> Exercise brief
Extract the final stretch of the data: the line that contains "this 1920×1076 image." and every line after it, unaltered, and no other lines.

-*-*-

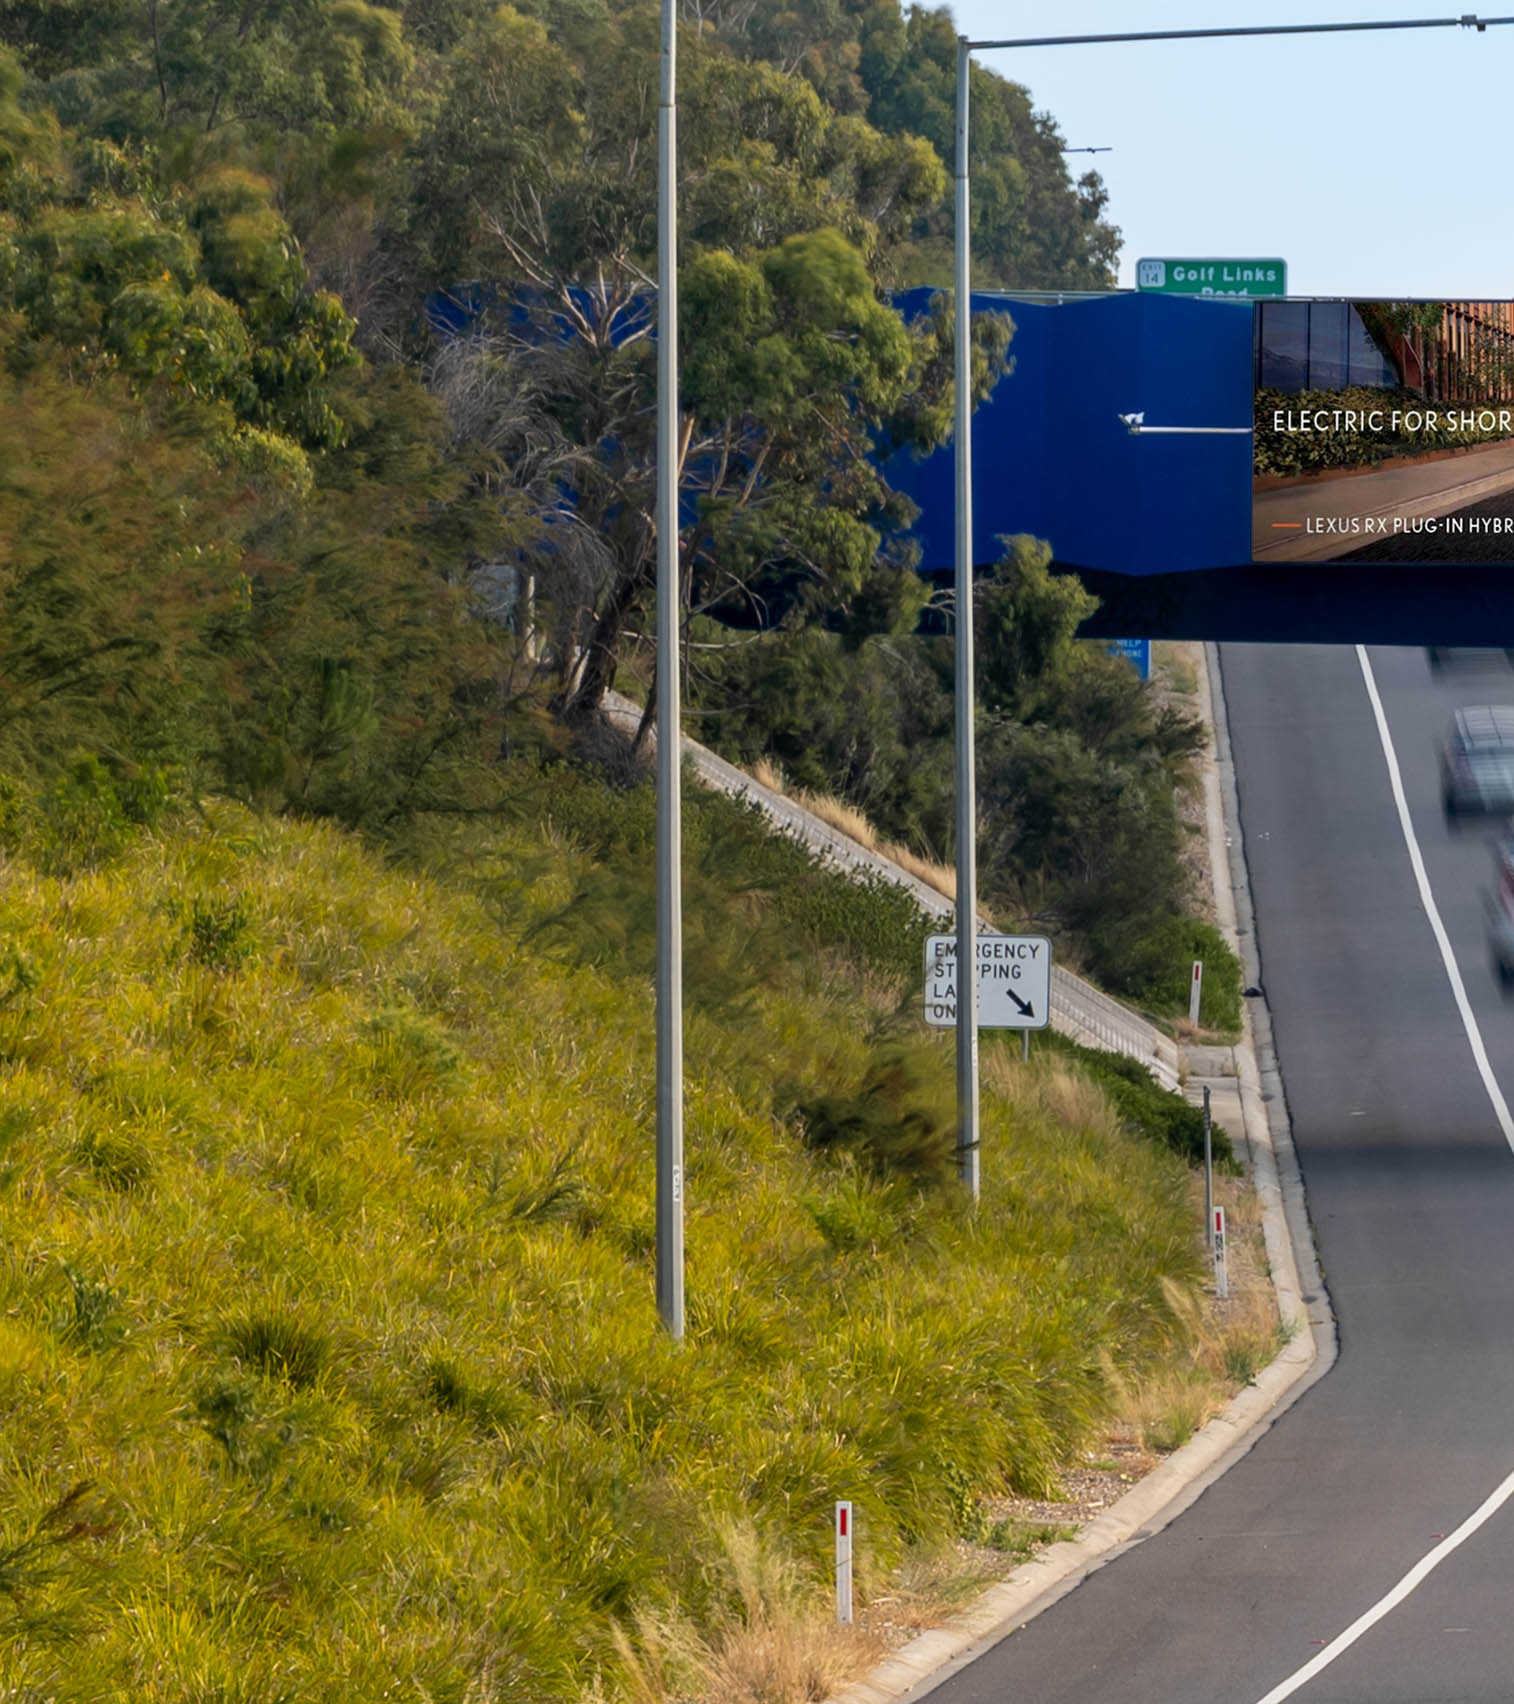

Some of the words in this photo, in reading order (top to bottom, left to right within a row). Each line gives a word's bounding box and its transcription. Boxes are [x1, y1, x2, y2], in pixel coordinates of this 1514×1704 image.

[1145, 272, 1159, 284] 14
[1173, 266, 1215, 281] Golf
[1223, 266, 1277, 281] Links
[1273, 410, 1383, 431] ELECTRIC
[1392, 410, 1438, 431] FOR
[1307, 517, 1360, 533] LEXUS
[1364, 517, 1388, 533] RX
[1393, 517, 1463, 533] PLUG-IN
[934, 943, 1039, 959] EMGENCY
[934, 963, 1021, 979] STPING
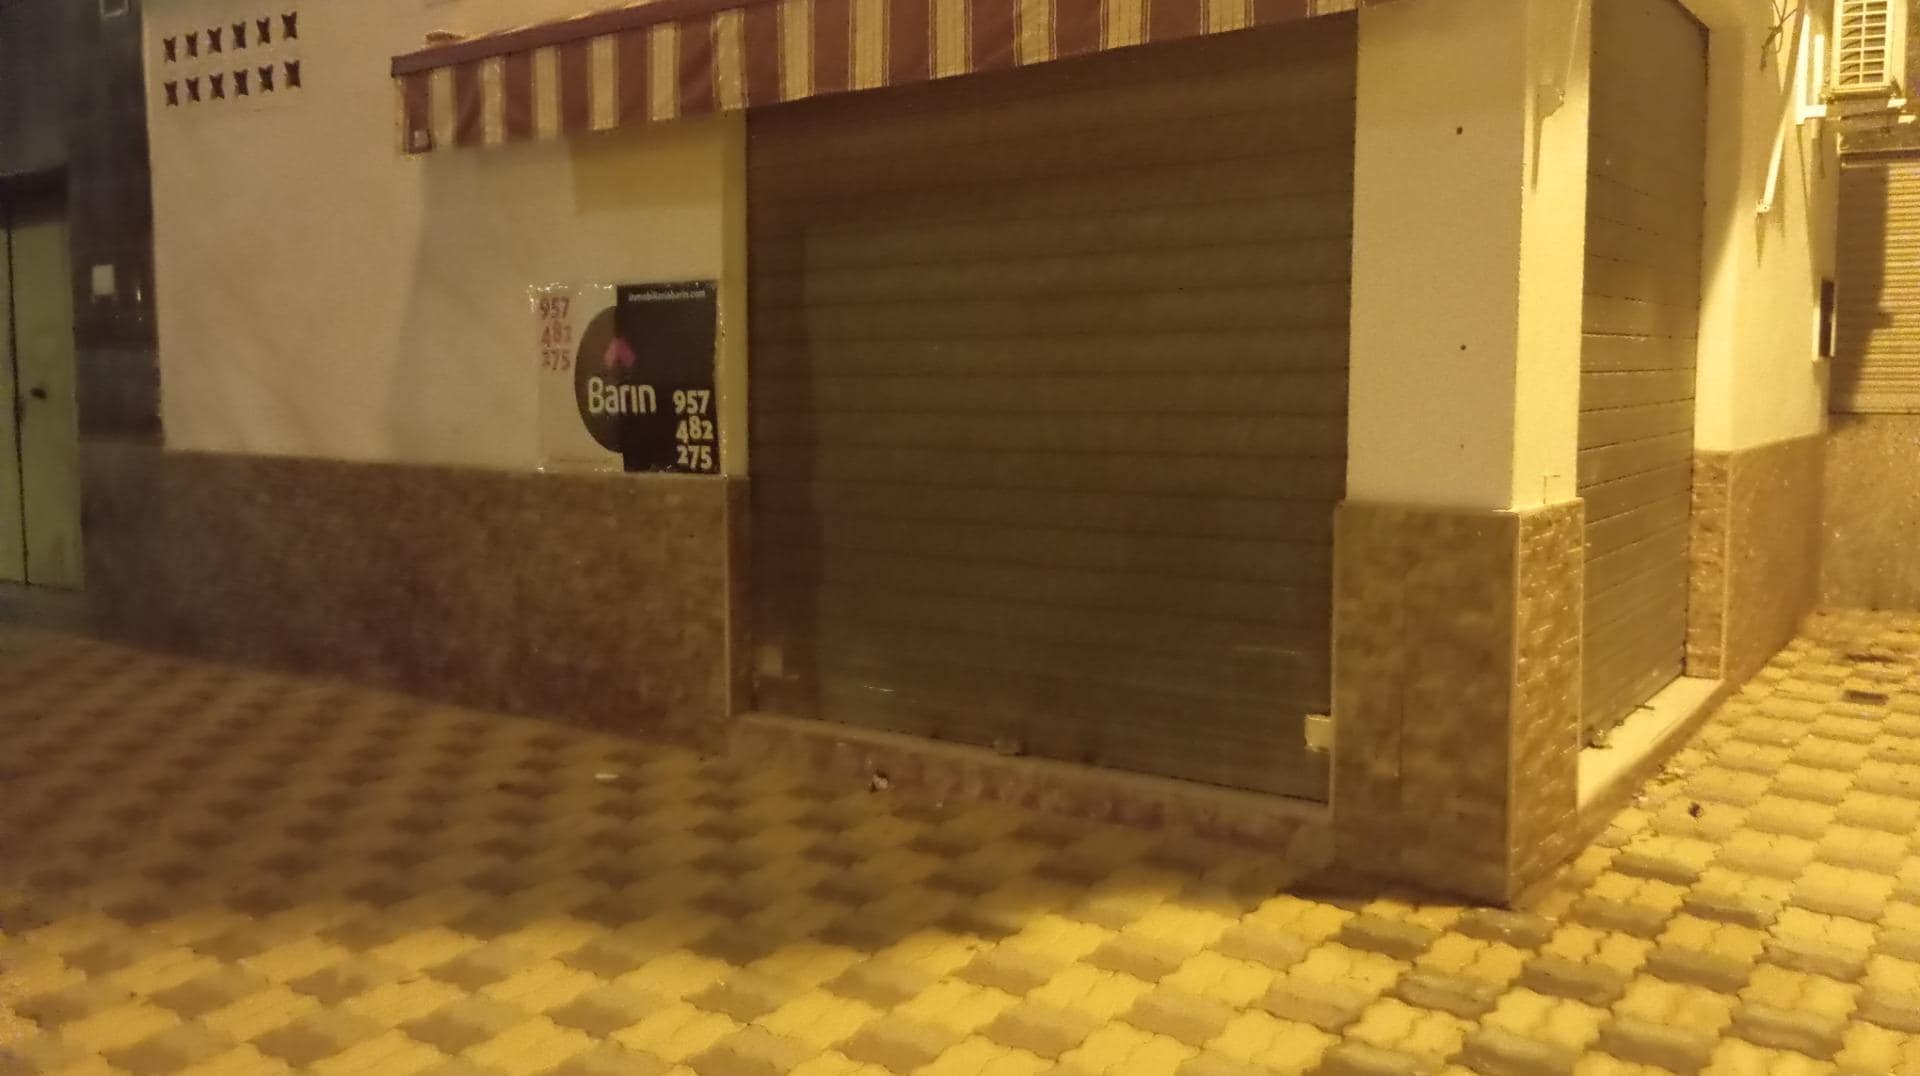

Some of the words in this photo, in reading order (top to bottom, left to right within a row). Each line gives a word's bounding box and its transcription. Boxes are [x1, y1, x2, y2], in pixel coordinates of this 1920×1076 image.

[539, 297, 569, 319] 957
[588, 376, 657, 414] Barin
[672, 390, 710, 414] 957
[676, 416, 713, 443] 482
[676, 445, 712, 470] 275

-*-*-

> The completed task
Some of the words in this photo, in reading order (top to bottom, left to right within a row). Each line gives a word's bounding box and its transcription. Boxes are [x1, y1, x2, y2], in pixel coordinates of this 1920×1076 image.

[539, 297, 569, 319] 957
[588, 376, 657, 414] Barin
[672, 390, 710, 414] 957
[676, 416, 713, 443] 482
[676, 445, 712, 470] 275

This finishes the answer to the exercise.